Security is always a risk tradeoff. My house uses special Medeco keys
(modified in violation of the Medeco license as it happens) because what I
want to defend against is copying when I lend out one of my numbered keys. The
house is made of glass so someone could just use a brick to get in. For
someone else this is a dumb tradeoff; for me it is appropriate.

And your message includes an example of such a tradeoff:

>This may not be as elegant as doing matching on the sensor, but keep in mind
we have to play within the constraints of 2 difference vendors (SoC,
Fingerprint Sensor).

>Somehow implying that Android is less somehow less secure in the case of
fingerprint is disingenuous.

The channel between the two separate devices is an attack surface (as is the
opportunity for offline attack on the encrypted data in the filesystem). The
Android team has made the determination that that's an acceptable risk. I
won't argue -- perhaps I agree and perhaps I don't, but it is unambiguously
less secure than the single, all-encompassing approach. To claim so is hardly
disingenuous.

Of course, as with my house, this just changes the class of attack. On either
platforms you can consider attacking whatever authentication module _talks_ to
the TEE. Both systems use other mechanisms for that.

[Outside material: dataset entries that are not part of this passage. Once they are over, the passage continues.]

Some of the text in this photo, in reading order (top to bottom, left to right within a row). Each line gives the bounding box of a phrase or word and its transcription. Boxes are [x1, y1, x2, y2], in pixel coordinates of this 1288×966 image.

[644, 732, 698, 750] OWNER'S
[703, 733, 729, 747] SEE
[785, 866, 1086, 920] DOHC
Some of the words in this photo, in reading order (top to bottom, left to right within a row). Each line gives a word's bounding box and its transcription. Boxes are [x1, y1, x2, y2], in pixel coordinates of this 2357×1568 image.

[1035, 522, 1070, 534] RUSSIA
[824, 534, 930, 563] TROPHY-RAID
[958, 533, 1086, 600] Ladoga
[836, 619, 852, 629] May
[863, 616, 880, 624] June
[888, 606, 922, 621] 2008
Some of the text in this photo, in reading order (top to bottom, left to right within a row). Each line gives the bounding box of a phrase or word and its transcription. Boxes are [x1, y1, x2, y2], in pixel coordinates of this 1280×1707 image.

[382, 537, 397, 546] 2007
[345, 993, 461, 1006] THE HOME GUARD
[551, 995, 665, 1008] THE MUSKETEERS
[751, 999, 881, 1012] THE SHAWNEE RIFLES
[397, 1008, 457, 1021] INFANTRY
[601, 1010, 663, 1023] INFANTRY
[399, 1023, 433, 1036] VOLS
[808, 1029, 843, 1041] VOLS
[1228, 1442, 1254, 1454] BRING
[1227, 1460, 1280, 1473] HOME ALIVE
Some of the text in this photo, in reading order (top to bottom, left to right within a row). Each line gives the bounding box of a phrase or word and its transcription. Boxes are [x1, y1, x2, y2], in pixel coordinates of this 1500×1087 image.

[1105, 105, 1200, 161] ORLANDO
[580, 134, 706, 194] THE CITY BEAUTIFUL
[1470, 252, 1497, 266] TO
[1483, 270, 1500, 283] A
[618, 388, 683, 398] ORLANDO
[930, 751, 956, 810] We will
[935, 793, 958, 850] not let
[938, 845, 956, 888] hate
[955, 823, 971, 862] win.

Finally, in the Android case a vendor is free to do what they want, especially
if they don't care about access to branding, google services etc. Google
branded devices have a more important brand to defend than, say, Asus (not to
pick on Asus), much less, say, DJI's drones, for which the Android branding is
utterly irrelevant (conceivably that could rebound on Google though personally
I doubt it would even happen. The same obviously can't be said about iOS :-)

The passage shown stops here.